__EXERCISE GOAL__.
If a picture appears in the records, skip it; copy everything else exactly.

__GIVEN RECORDS__.
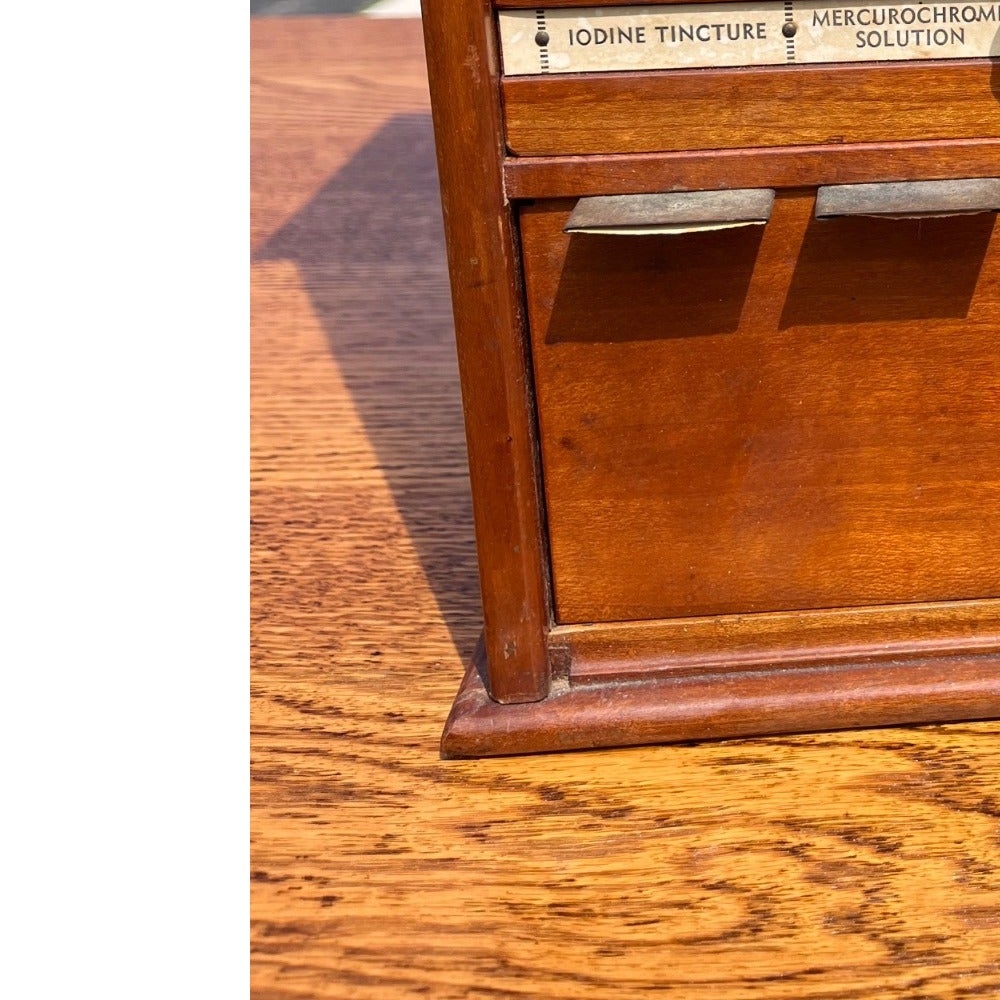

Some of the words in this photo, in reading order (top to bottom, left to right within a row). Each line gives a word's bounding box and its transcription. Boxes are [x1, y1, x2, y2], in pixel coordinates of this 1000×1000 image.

[568, 26, 646, 46] IODINE
[655, 22, 767, 45] TINCTURE
[855, 27, 966, 49] SOLUTION
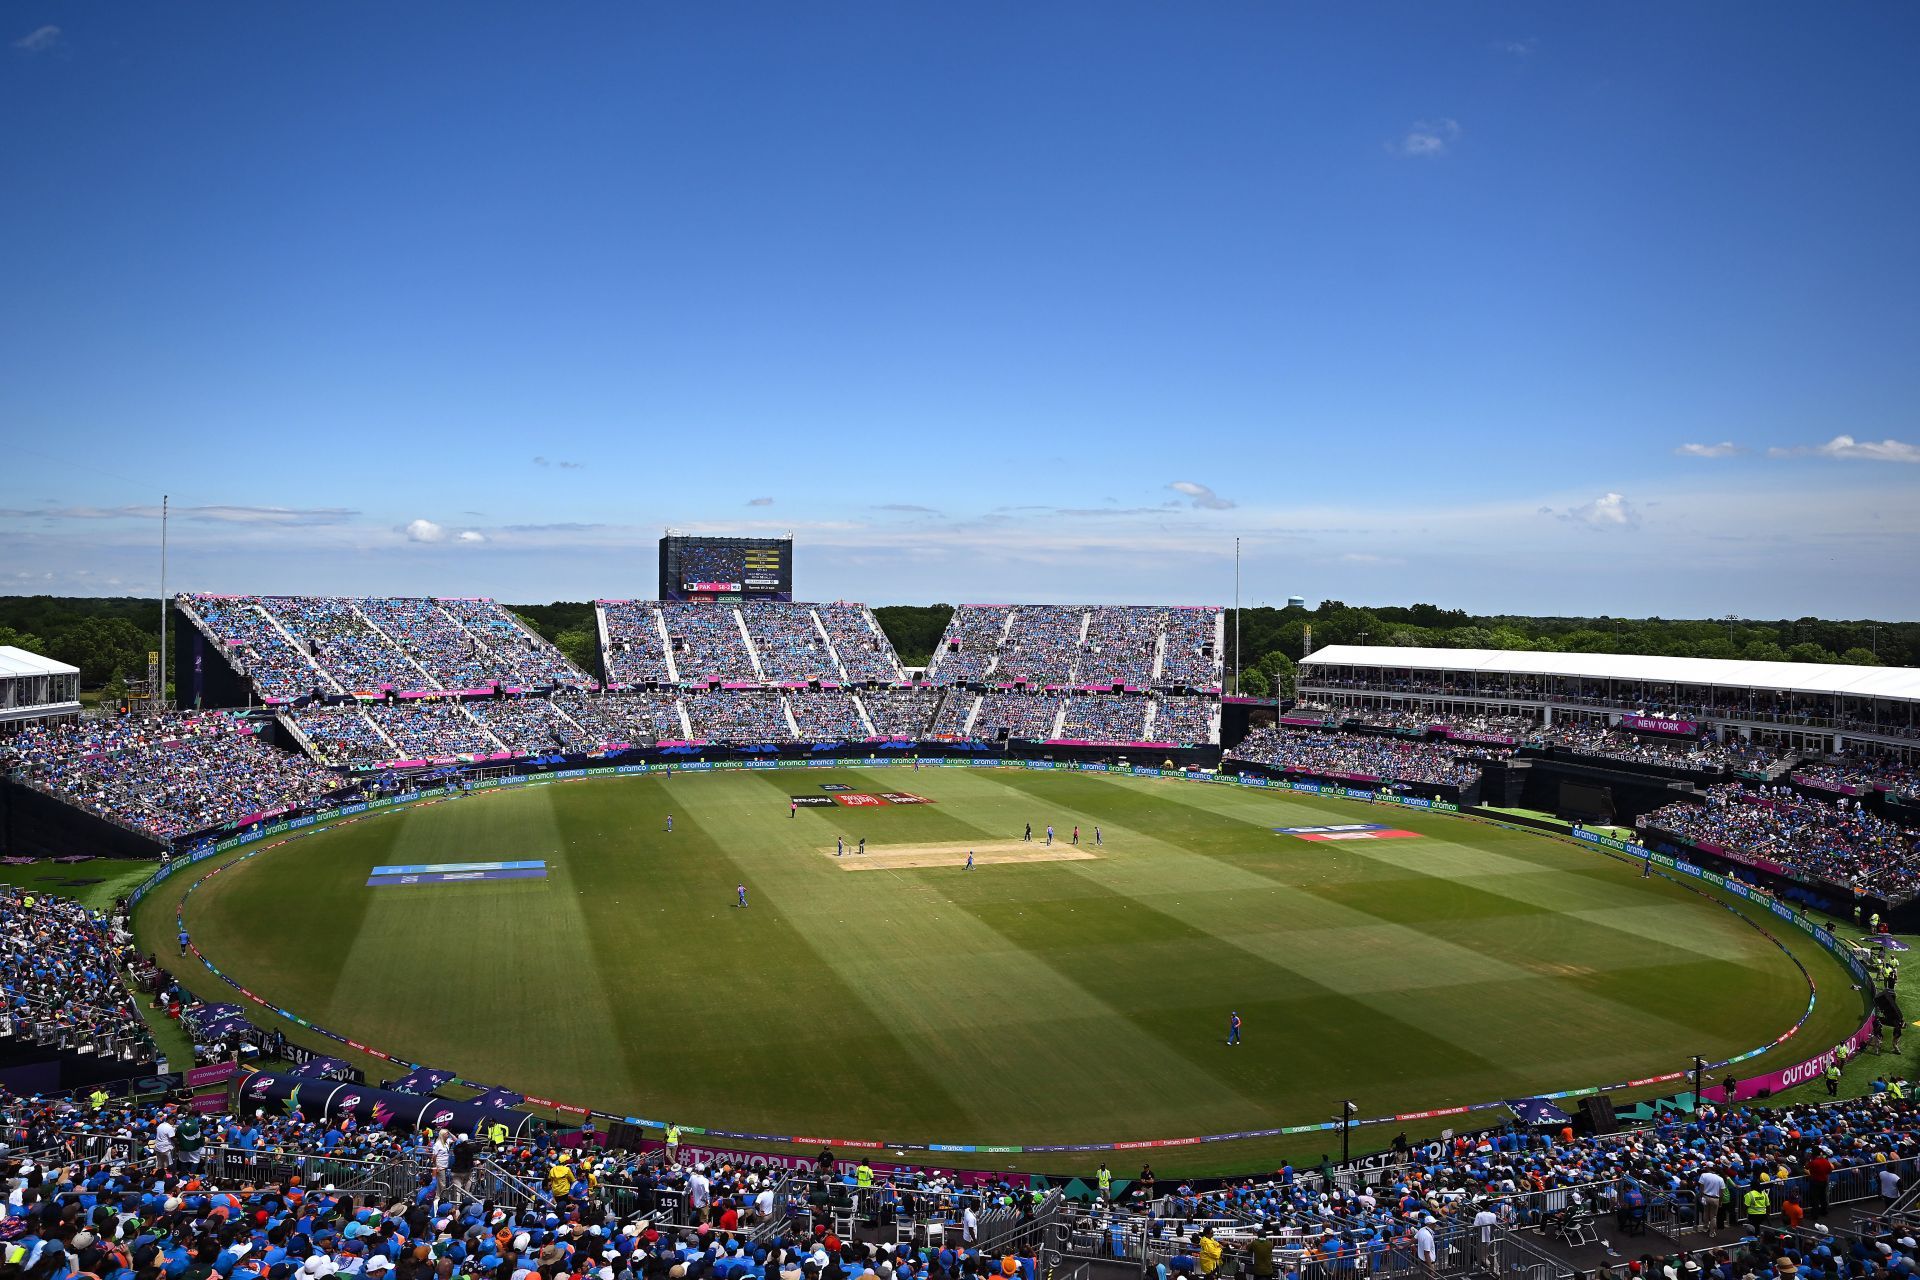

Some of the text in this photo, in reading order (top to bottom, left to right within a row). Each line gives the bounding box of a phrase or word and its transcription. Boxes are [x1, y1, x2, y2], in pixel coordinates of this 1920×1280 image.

[1638, 719, 1679, 731] NEW YORK
[529, 772, 554, 780] aramco
[557, 769, 584, 777] aramco
[474, 780, 497, 788] aramco
[500, 775, 525, 784] aramco
[1241, 778, 1264, 786] aramco
[1268, 780, 1290, 788] aramco
[421, 788, 445, 797] aramco
[1294, 783, 1317, 792] aramco
[1348, 788, 1372, 799] aramco
[369, 798, 391, 808] aramco
[394, 793, 418, 803] aramco
[1376, 792, 1400, 802] aramco
[1404, 796, 1428, 806] aramco
[343, 803, 365, 814] aramco
[1432, 801, 1456, 810] aramco
[290, 816, 314, 828] aramco
[317, 810, 339, 822] aramco
[266, 823, 288, 835] aramco
[240, 830, 263, 843] aramco
[1574, 830, 1598, 842] aramco
[217, 838, 238, 852] aramco
[1601, 837, 1624, 849] aramco
[192, 847, 214, 861] aramco
[1627, 844, 1648, 857] aramco
[172, 856, 190, 871] aramco
[1651, 853, 1674, 866] aramco
[156, 865, 170, 882] aramco
[1677, 861, 1700, 876] aramco
[1703, 870, 1724, 885] aramco
[1726, 881, 1747, 896] aramco
[1750, 891, 1770, 907] aramco
[1772, 902, 1792, 920] aramco
[1794, 915, 1813, 933] aramco
[1816, 929, 1833, 948] aramco
[192, 1066, 233, 1080] #T20WorldCup
[1782, 1050, 1834, 1085] OUT OF THIS
[114, 1144, 129, 1152] 152
[227, 1155, 242, 1164] 151
[660, 1198, 679, 1207] 151
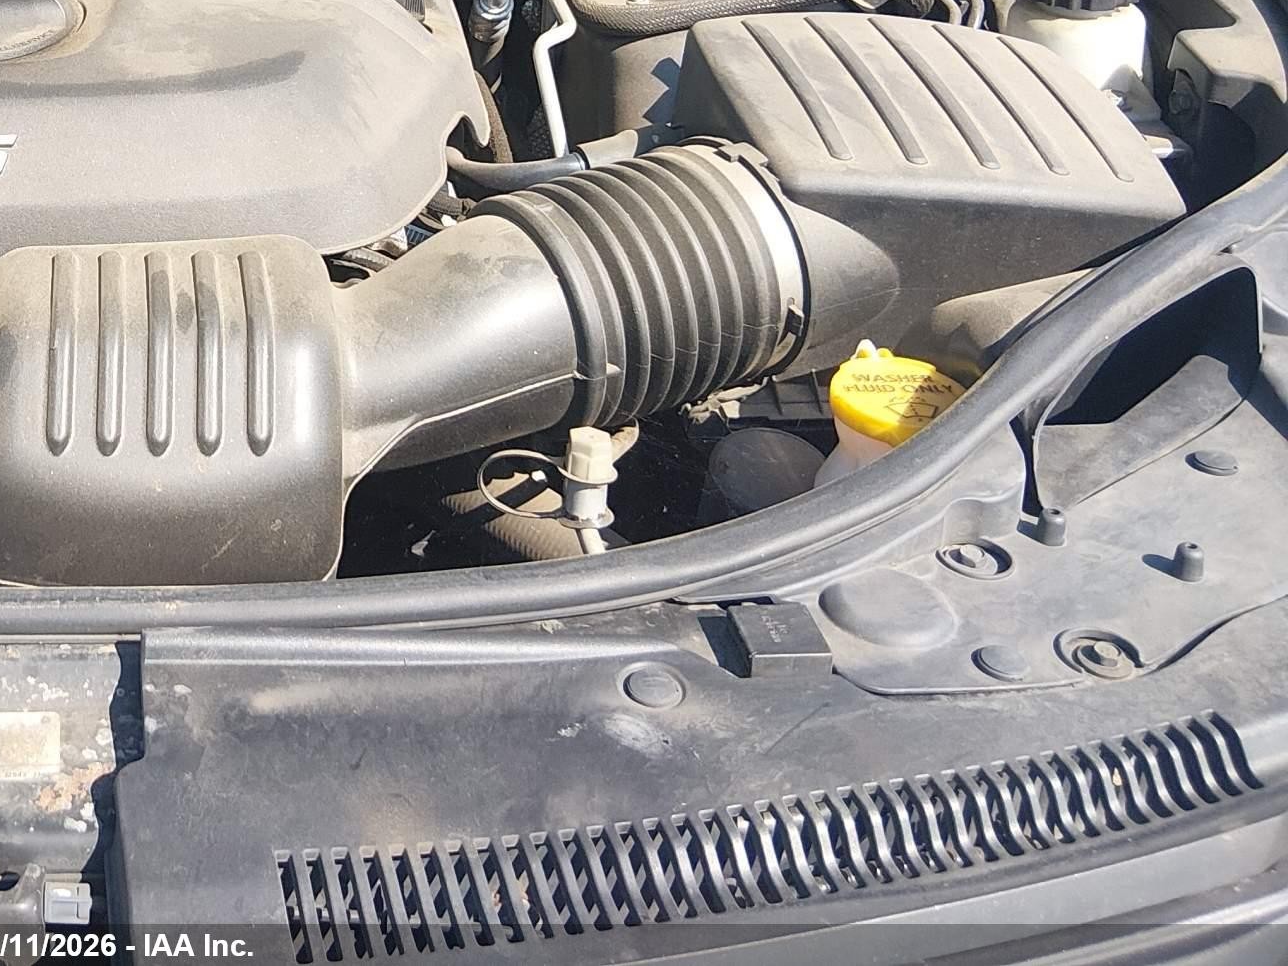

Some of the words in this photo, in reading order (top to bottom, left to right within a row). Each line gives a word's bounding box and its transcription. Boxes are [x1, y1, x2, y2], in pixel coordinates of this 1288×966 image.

[852, 374, 934, 383] WASHER
[843, 385, 896, 393] FLUID
[902, 385, 953, 393] ONLY
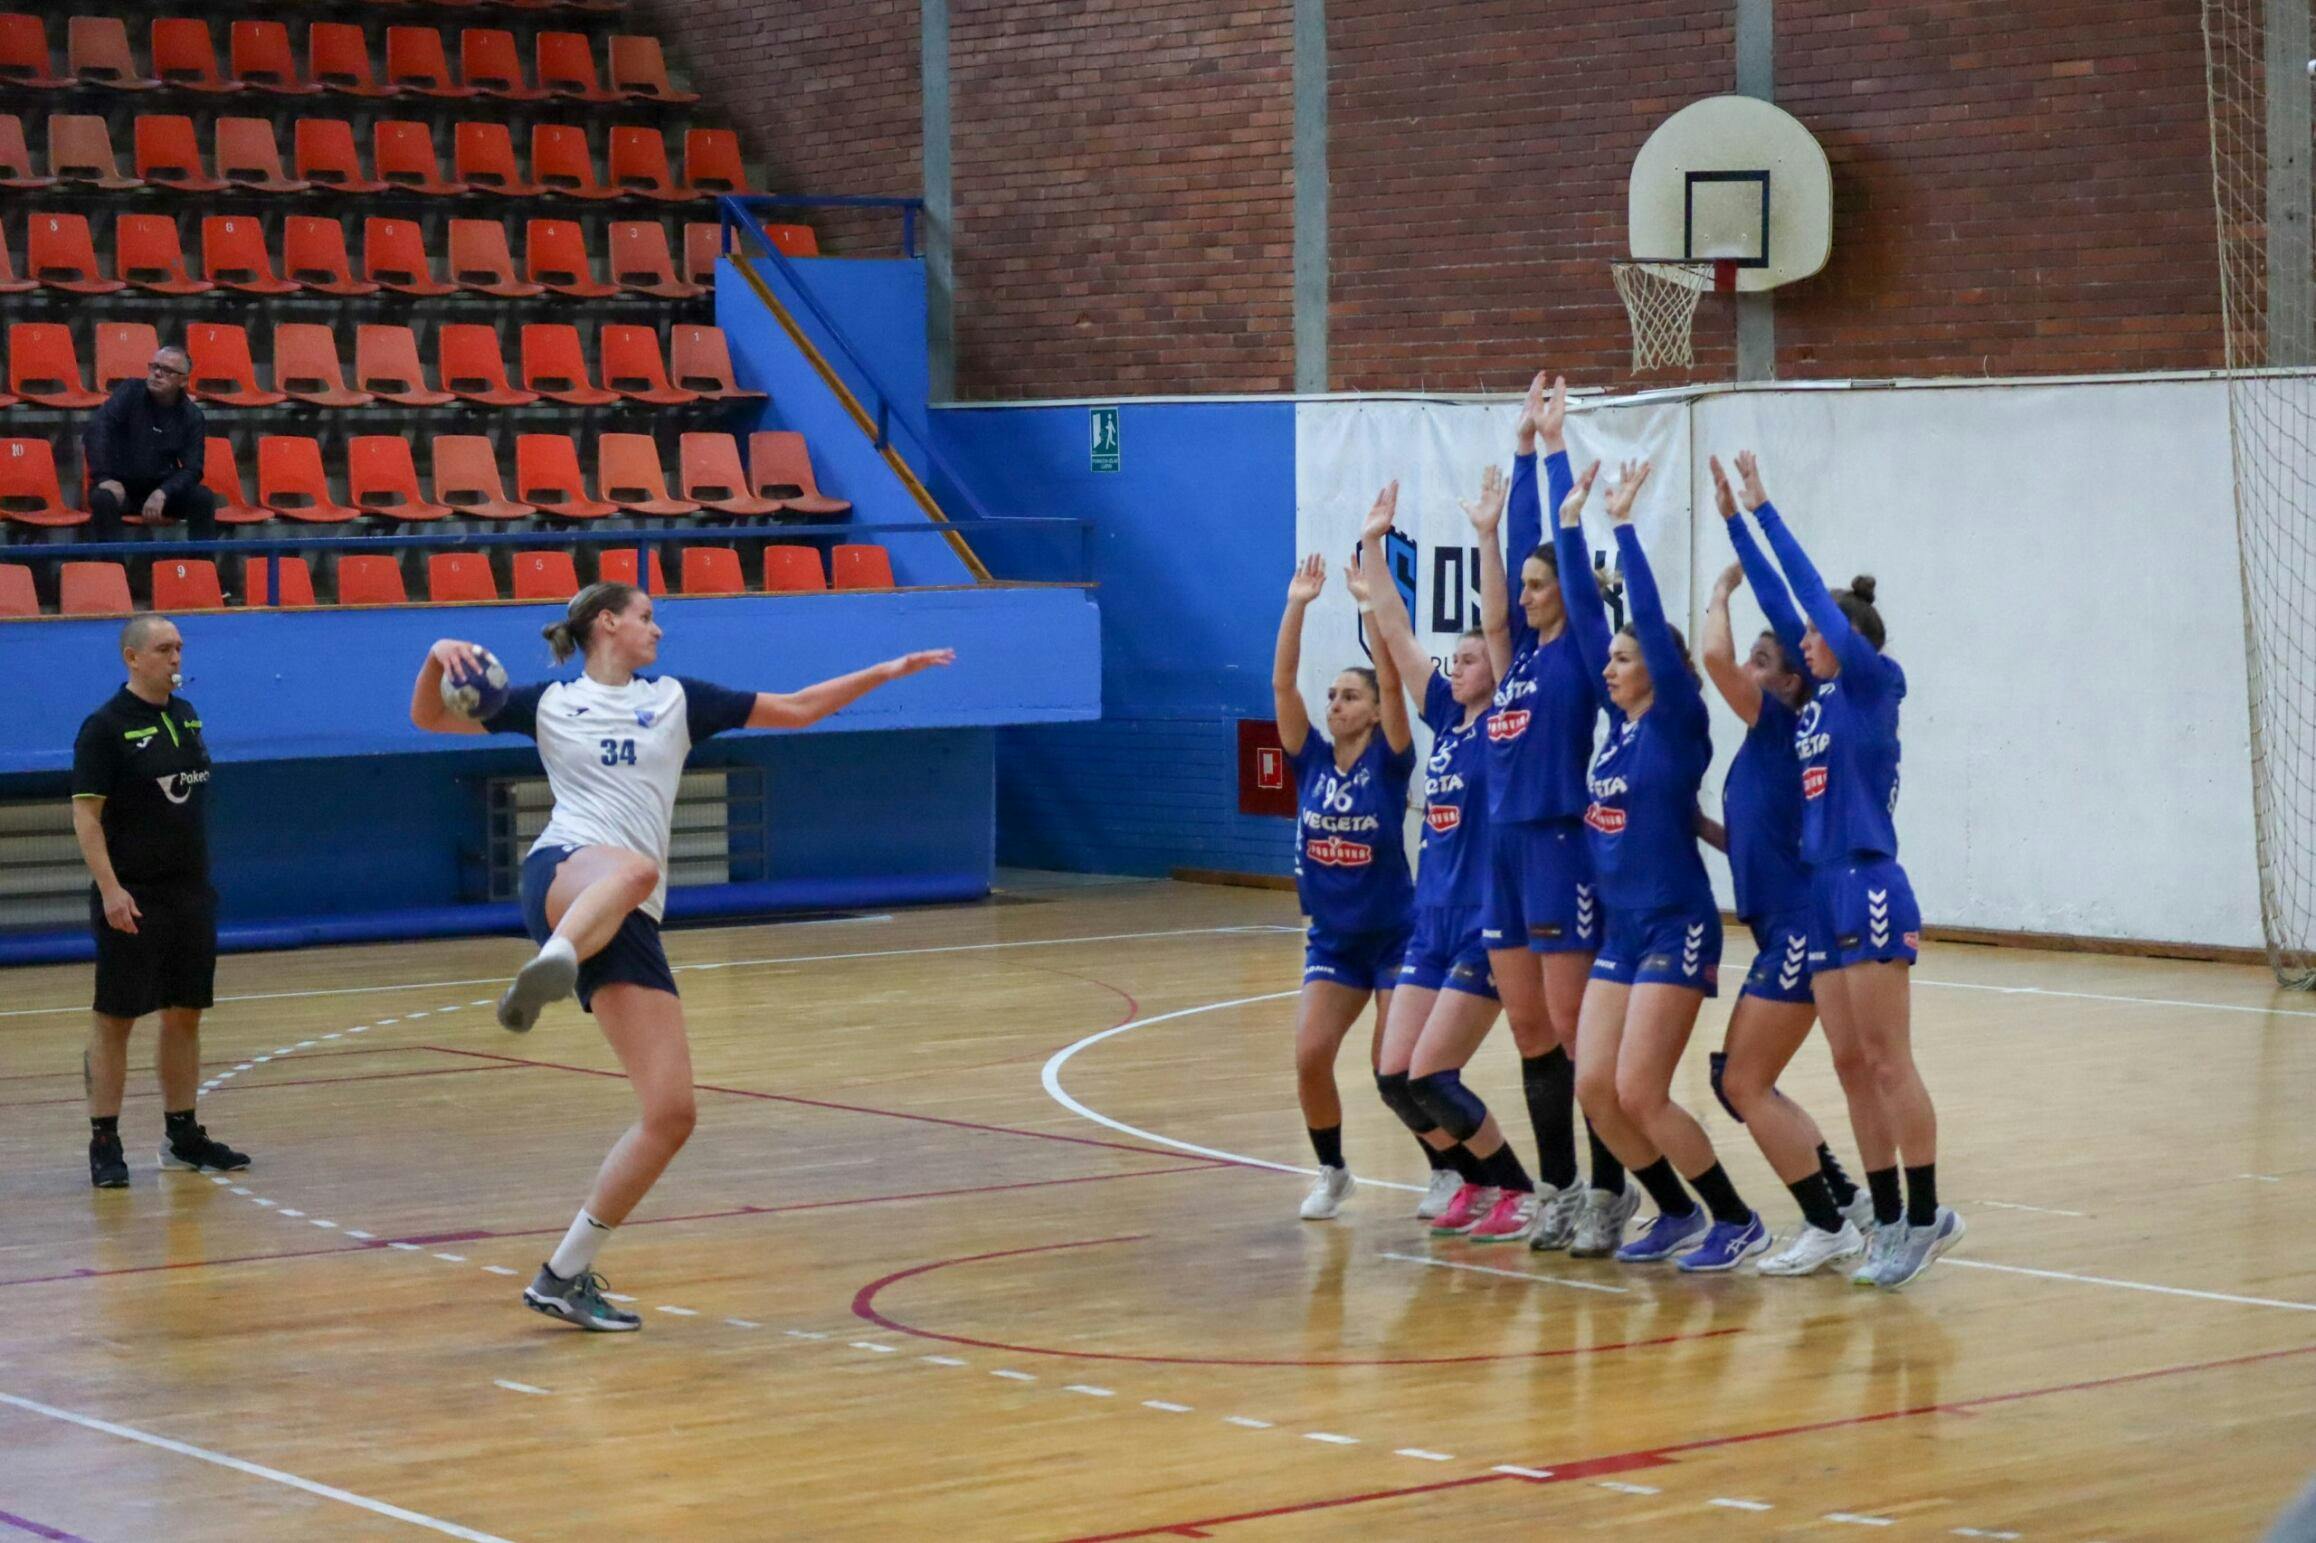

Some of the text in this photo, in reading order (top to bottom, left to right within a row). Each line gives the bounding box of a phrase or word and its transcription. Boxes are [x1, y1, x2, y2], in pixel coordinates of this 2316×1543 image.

[546, 226, 556, 238] 4
[630, 227, 639, 239] 3
[11, 443, 24, 457] 10
[176, 564, 186, 579] 9
[535, 558, 544, 571] 5
[600, 738, 637, 766] 34
[1322, 777, 1353, 813] 96
[1302, 807, 1380, 833] VEGETA

__ANSWER BOX__.
Some of the words in this photo, in reading order (top to bottom, left to right within a row). Each line gives a word's bounding box and its transcription. Boxes are [x1, y1, x2, y2], in pixel coordinates of this 1000×1000 image.

[568, 26, 646, 46] IODINE
[655, 22, 767, 45] TINCTURE
[855, 27, 966, 49] SOLUTION

Some of the text in this photo, in reading order (top to bottom, left to right within a row). Each line gives the bounding box of a phrase or word and its transcription. Boxes are [x1, y1, x2, y2], in pixel coordinates of this 1920×1280 image.

[1638, 719, 1679, 731] NEW YORK
[529, 772, 554, 780] aramco
[557, 769, 584, 777] aramco
[474, 780, 497, 788] aramco
[500, 775, 525, 784] aramco
[1241, 778, 1264, 786] aramco
[1268, 780, 1290, 788] aramco
[421, 788, 445, 797] aramco
[1294, 783, 1317, 792] aramco
[1348, 788, 1372, 799] aramco
[369, 798, 391, 808] aramco
[394, 793, 418, 803] aramco
[1376, 792, 1400, 802] aramco
[1404, 796, 1428, 806] aramco
[343, 803, 365, 814] aramco
[1432, 801, 1456, 810] aramco
[290, 816, 314, 828] aramco
[317, 810, 339, 822] aramco
[266, 823, 288, 835] aramco
[240, 830, 263, 843] aramco
[1574, 830, 1598, 842] aramco
[217, 838, 238, 852] aramco
[1601, 837, 1624, 849] aramco
[192, 847, 214, 861] aramco
[1627, 844, 1648, 857] aramco
[172, 856, 190, 871] aramco
[1651, 853, 1674, 866] aramco
[156, 865, 170, 882] aramco
[1677, 861, 1700, 876] aramco
[1703, 870, 1724, 885] aramco
[1726, 881, 1747, 896] aramco
[1750, 891, 1770, 907] aramco
[1772, 902, 1792, 920] aramco
[1794, 915, 1813, 933] aramco
[1816, 929, 1833, 948] aramco
[192, 1066, 233, 1080] #T20WorldCup
[1782, 1050, 1834, 1085] OUT OF THIS
[114, 1144, 129, 1152] 152
[227, 1155, 242, 1164] 151
[660, 1198, 679, 1207] 151

Some of the words in this photo, in reading order (top to bottom, left to right within a row). Each line gives a word's bounding box and its transcription. Boxes are [x1, y1, x2, y2], in pixel coordinates of this 1288×966 image.

[852, 374, 934, 383] WASHER
[843, 385, 896, 393] FLUID
[902, 385, 953, 393] ONLY

Some of the text in this photo, in reading order (top to bottom, left to right within a row). Each line gives the bounding box of a phrase or word and its transcription. Boxes are [x1, y1, x2, y2], in pixel coordinates of this 2316×1543 image.

[546, 226, 556, 238] 4
[630, 227, 639, 239] 3
[11, 443, 24, 457] 10
[176, 564, 186, 579] 9
[535, 558, 544, 571] 5
[600, 738, 637, 766] 34
[1322, 777, 1353, 813] 96
[1302, 807, 1380, 833] VEGETA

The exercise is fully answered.